Most people are surely aware of the fact that they absolutely need an attorney for just about any legal issue, even if it is something as simple as a traffic ticket.
A person generally knows that they should have a competent attorney handle any legal issue for them.
If you are concerned about privacy, you may want to consider hiring a “Cyber” attorney. This is an attorney that specializes in Internet and computer-related laws. A few examples of laws that they can advise you of and potentially help with would be:
– Intellectual property violations such as copyright infringement.
– Trespassing on someone else’s website with the intent to cause harm or stealing of information.
– Accessing a computer without authority.

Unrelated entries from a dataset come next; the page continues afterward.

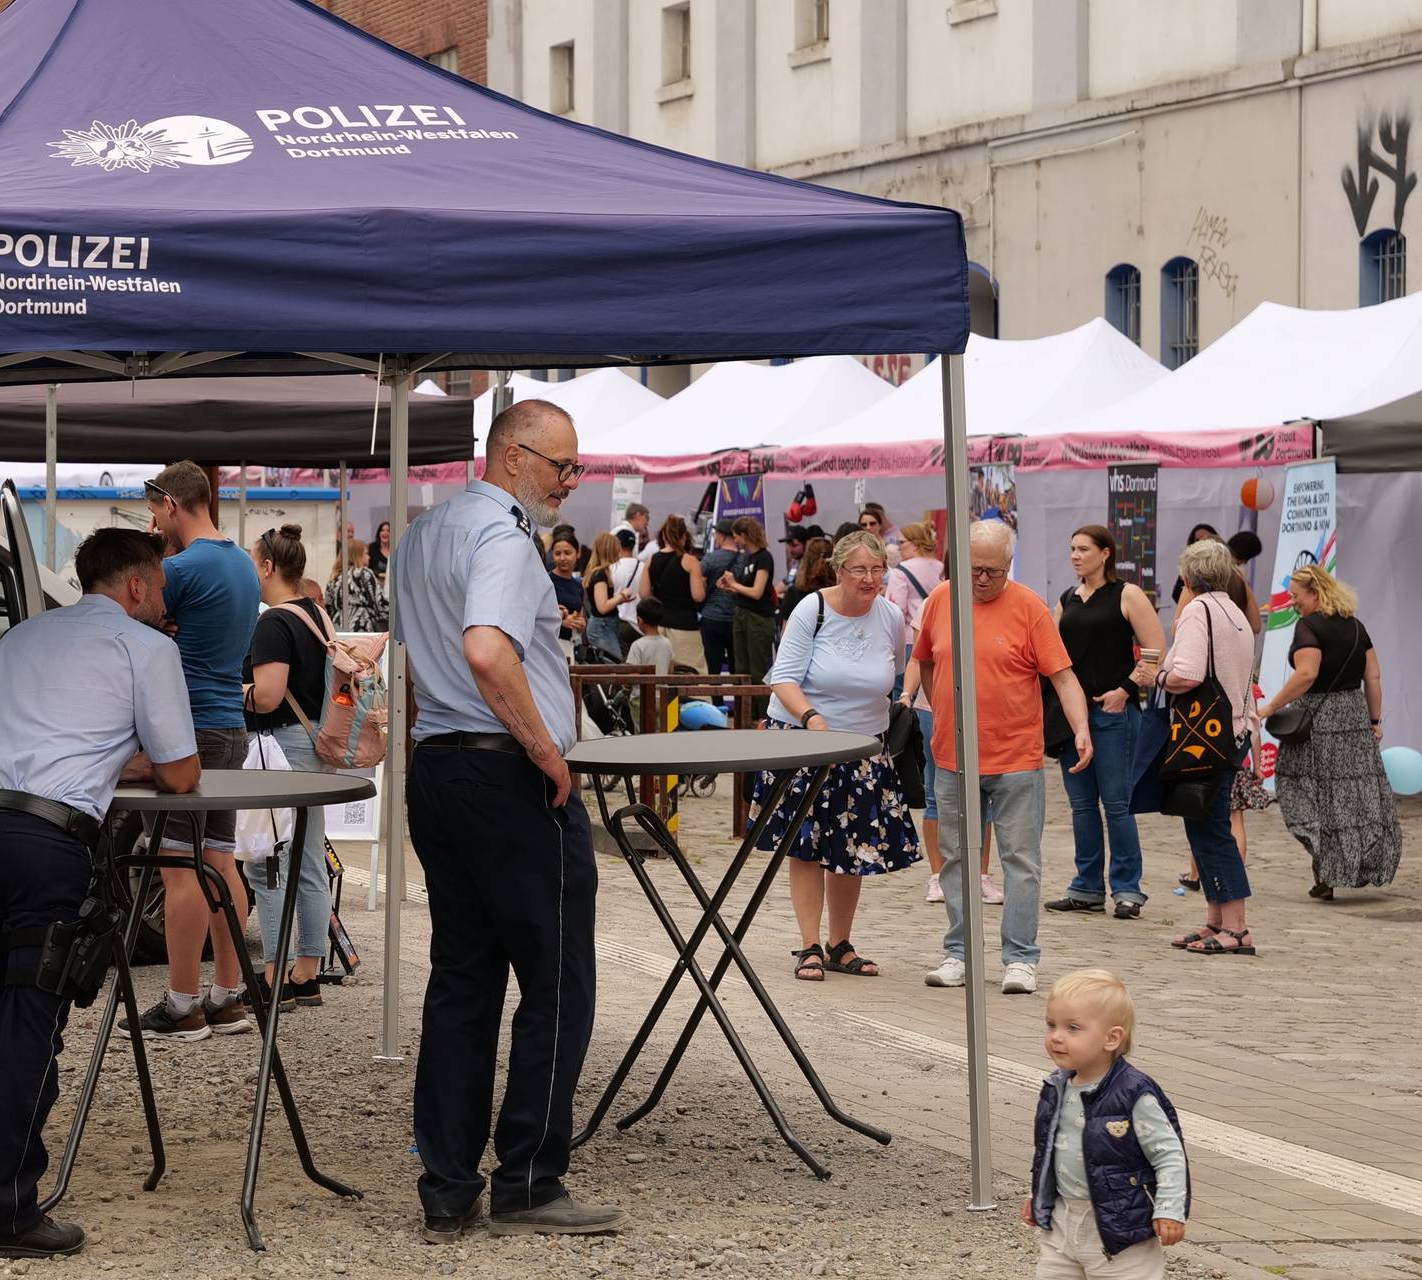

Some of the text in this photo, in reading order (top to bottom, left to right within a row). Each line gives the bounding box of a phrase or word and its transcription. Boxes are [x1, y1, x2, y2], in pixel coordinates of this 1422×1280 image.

[255, 105, 467, 131] POLIZEI
[274, 128, 519, 145] Nordrhein-Westfalen
[285, 144, 412, 159] Dortmund
[1110, 468, 1157, 493] vhs Dortmund
[1188, 701, 1201, 718] D
[1171, 719, 1222, 741] T O
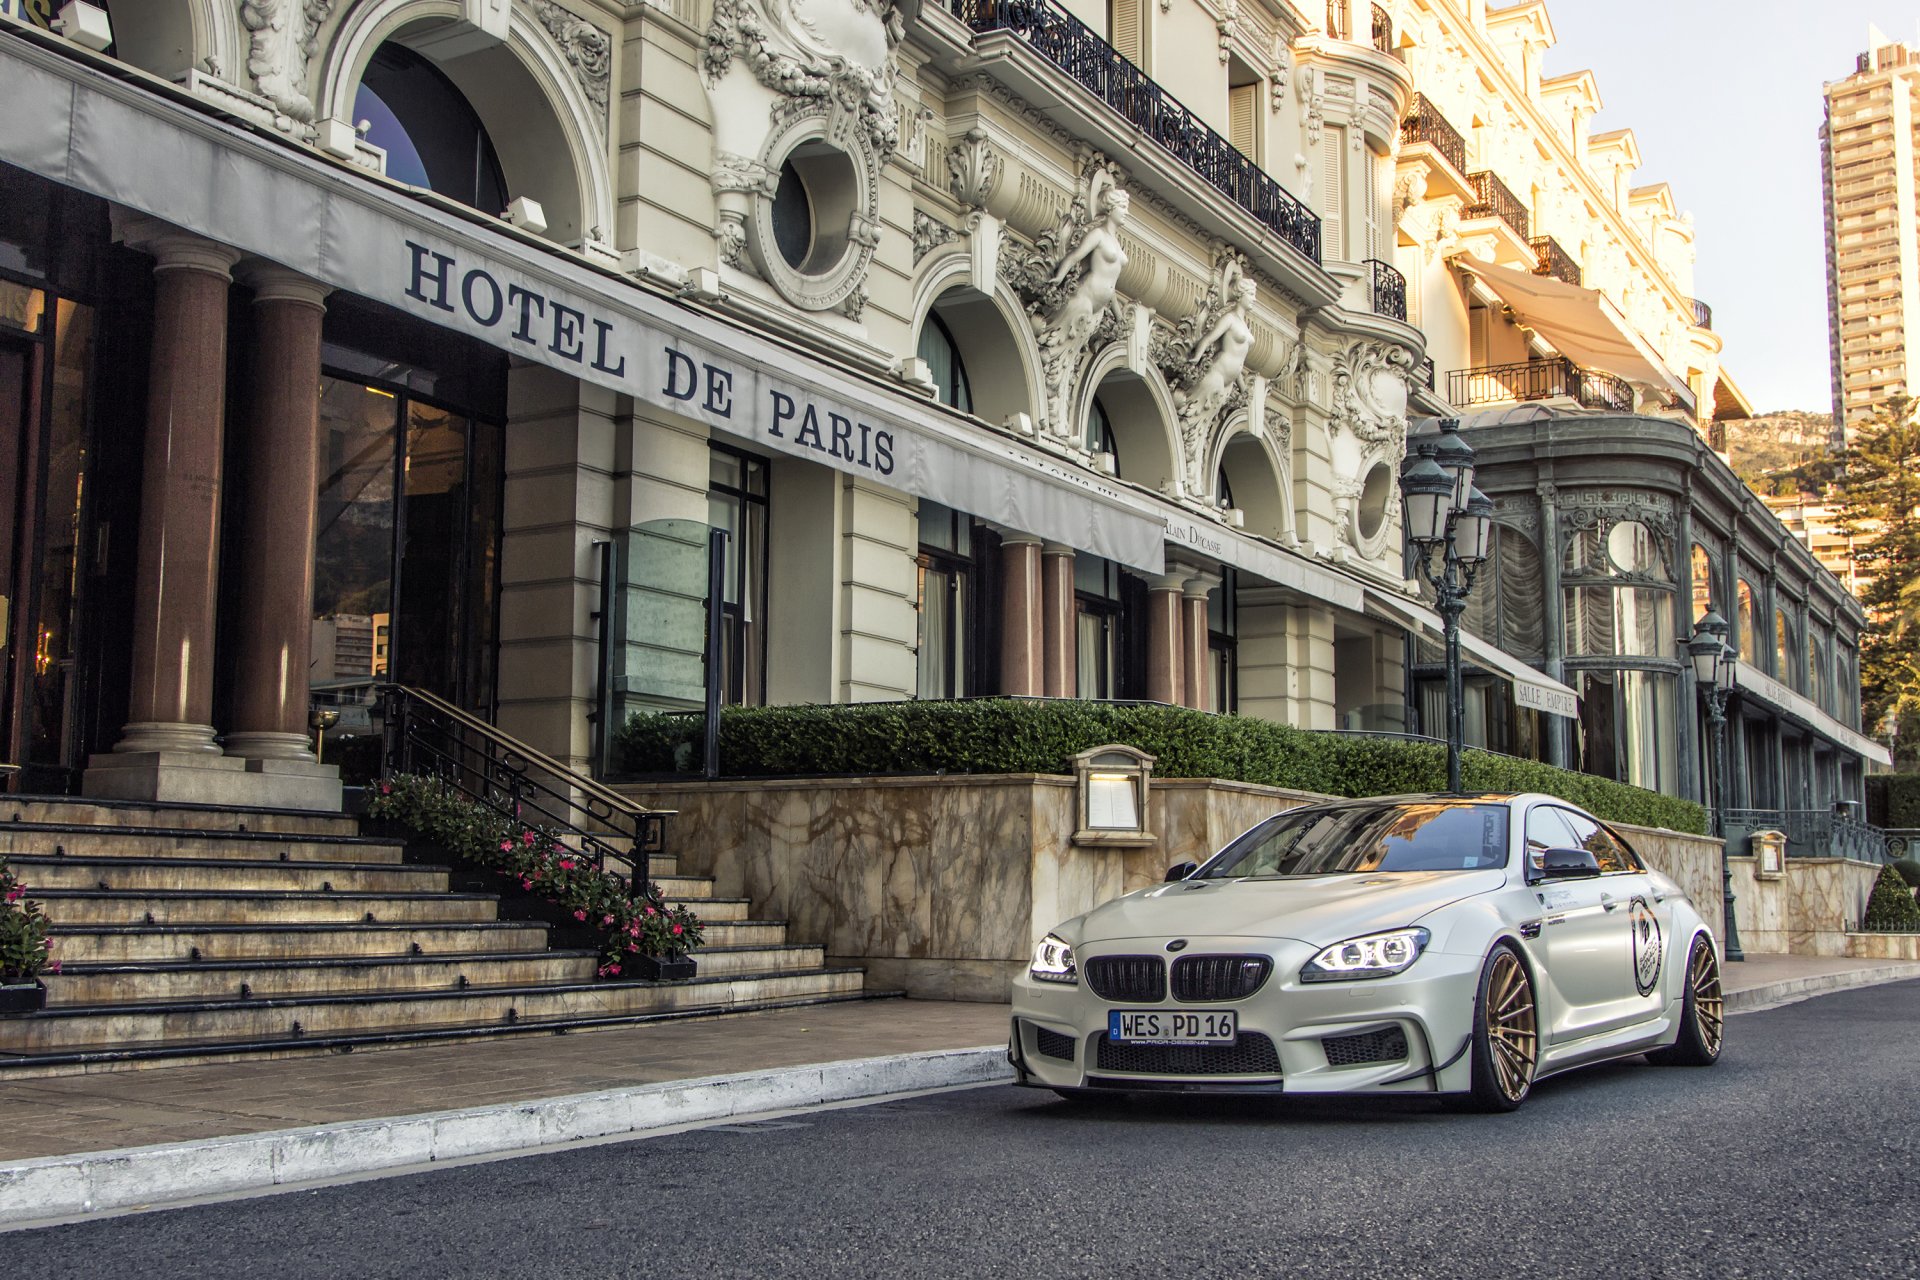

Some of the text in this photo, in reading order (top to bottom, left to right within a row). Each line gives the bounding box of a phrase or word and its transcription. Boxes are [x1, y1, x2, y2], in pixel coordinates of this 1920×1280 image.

[405, 239, 896, 476] HOTEL DE PARIS
[1520, 684, 1574, 713] SALLE EMPIRE
[1122, 1014, 1160, 1037] WES
[1173, 1014, 1200, 1037] PD
[1205, 1015, 1232, 1037] 16
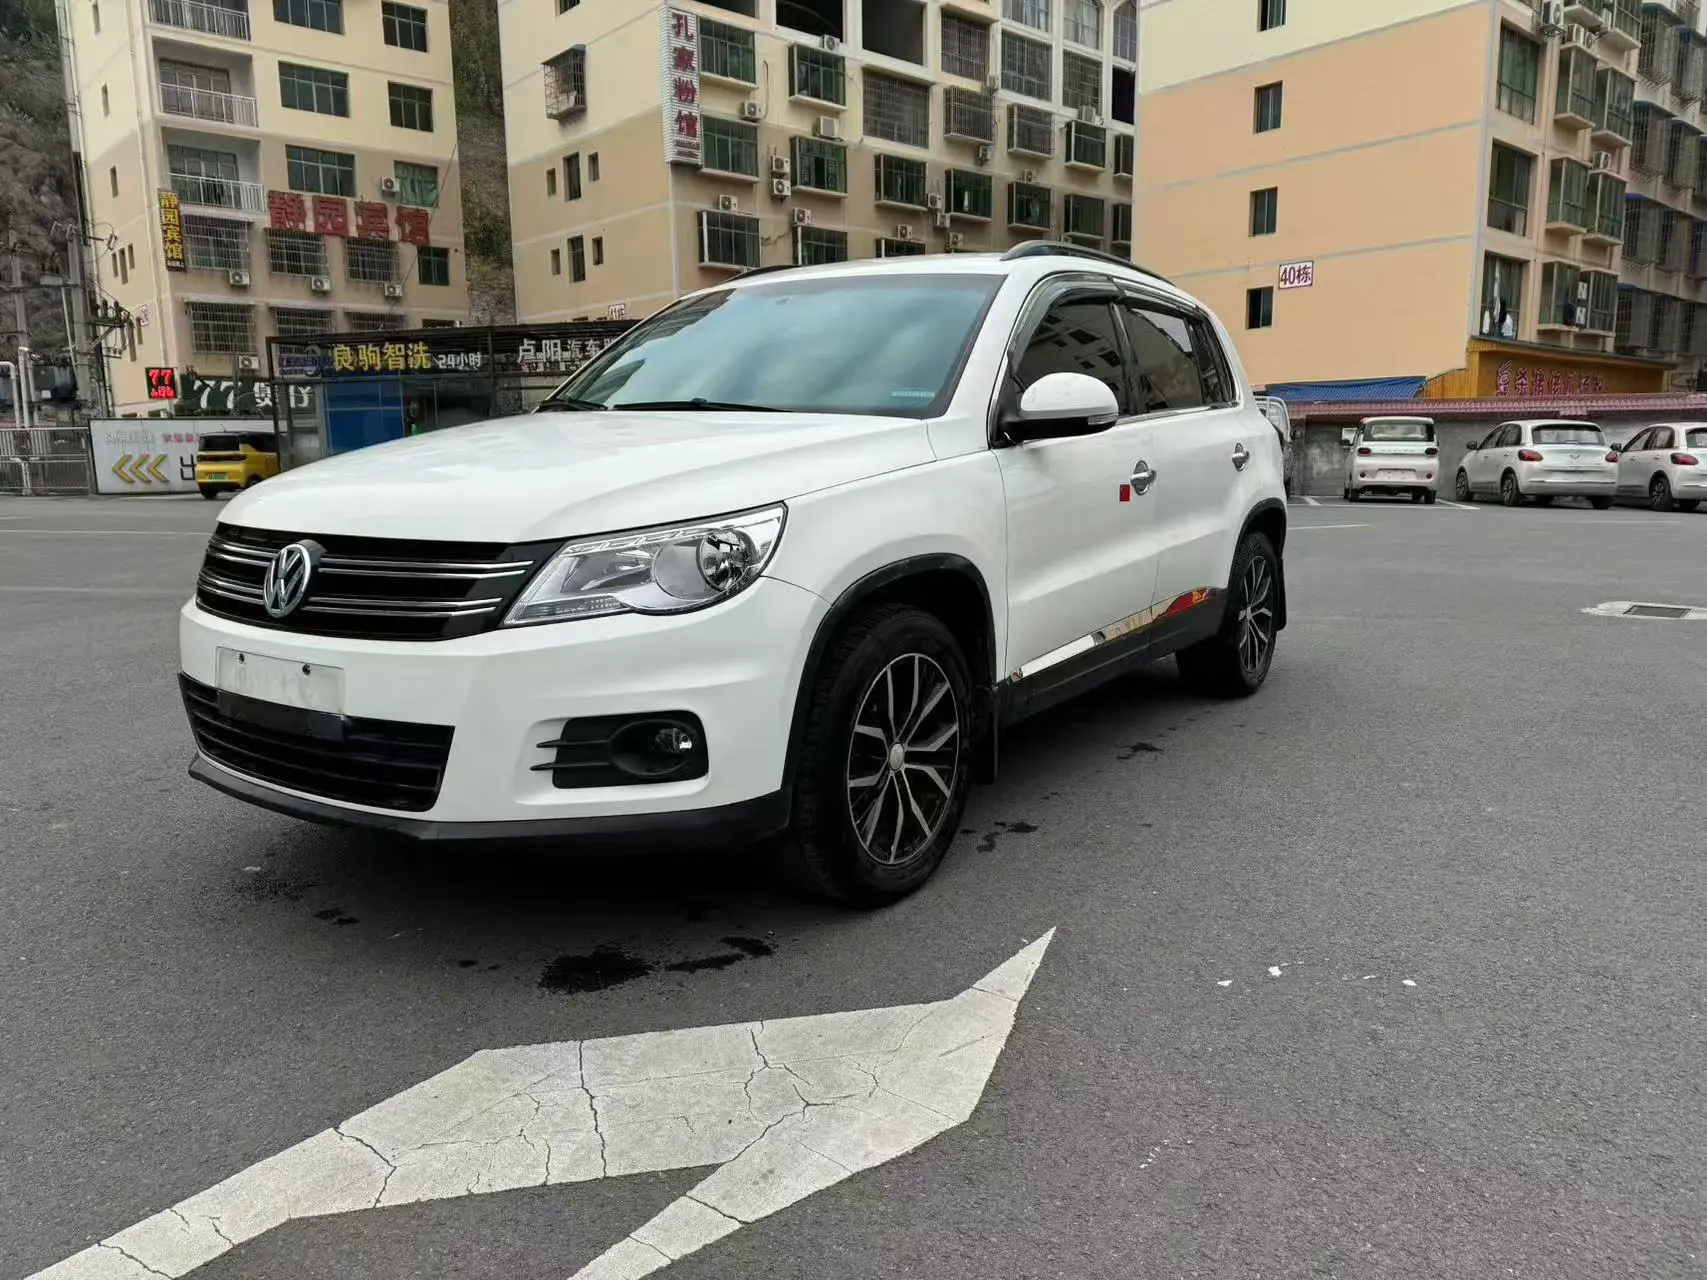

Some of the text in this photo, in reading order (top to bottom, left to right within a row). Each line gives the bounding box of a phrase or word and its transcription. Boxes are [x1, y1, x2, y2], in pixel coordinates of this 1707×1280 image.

[160, 192, 183, 259] 静园宾馆
[1280, 264, 1311, 285] 40栋
[333, 343, 431, 372] 良驹智洗
[437, 352, 482, 370] 24小时
[149, 369, 172, 385] 77
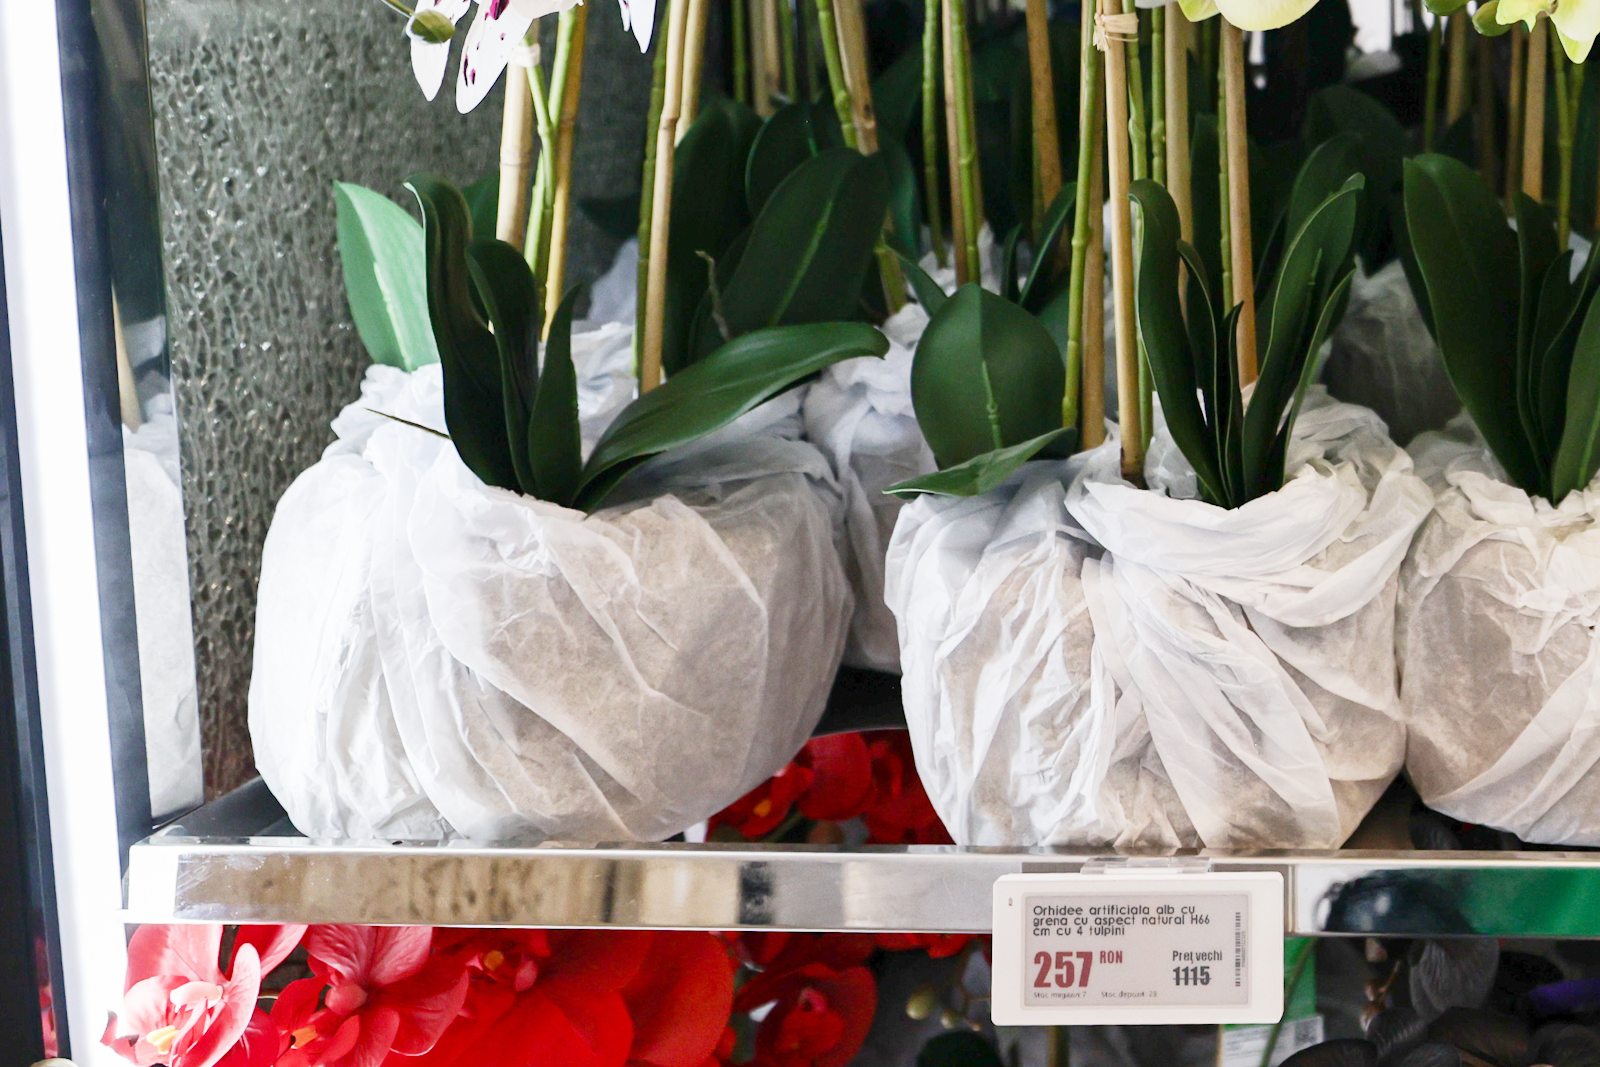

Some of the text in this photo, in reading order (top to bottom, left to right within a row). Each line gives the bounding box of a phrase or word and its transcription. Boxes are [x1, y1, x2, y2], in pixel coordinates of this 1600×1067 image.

[1033, 905, 1195, 915] Orhidee artificiala alb cu
[1033, 914, 1211, 927] grena cu aspect natural H66
[1033, 925, 1126, 937] cm cu 4 tulpini
[1195, 949, 1223, 961] vechi
[1033, 950, 1123, 988] 257 RON
[1172, 966, 1212, 986] 1115

According to Cybersecurity Ventures, by 2021, there will be 3.5 million cybersecurity vacancies across the world in various fileds.
Many law firms have started to develop their own cybersecurity practices. Candidates with qualified LL.M. degrees will be employed as consultants, chief security officers for corporations, and attorneys in both public and private corporations.
According to Glassdoor, the starting salary for a chief security officer is $153,000 per year.
According to the USC Gould School of Law, an LL.M. graduate can follow one of five vocations. Law Firm Partner is the most suitable of the five for a cybersecurity specialization.
The typical pay for law firm partners in the United States is $179,953, according to PayScale. Bonuses and profit-sharing agreements can help you earn more than $400,000 per year.
While a cybersecurity law degree does not need this knowledge, many experts advocate that a job applicant has some understanding of cyber security concepts.
Certification in IT demonstrates a basic understanding of cybersecurity and computer networks. Studying for the certification will provide students with a broad theoretical framework of how IT professionals handle security risks and vulnerabilities.
This knowledge is helpful in understanding real-world cyber security issues and how they relate to the law.
According to the US Bureau of Labor Statistics (2019), employment in computer and information technology jobs is expected to rise 12.5% from 2019 through 2028,
According to Trend Micro’s predictions, the worldwide cybersecurity market will rise from $85.36 billion in 2016 to over $187.6 billion by 2022. Jobs in the sector are anticipated to rise dramatically throughout the world.
The National Jurist reported in late 2017 that “the typical compensation for first-year associates at legal firms with fewer than 50 lawyers was $90,000, half of what their big law firm peers in key areas make.” The typical beginning wage for companies with more than 700 lawyers was $156,050.”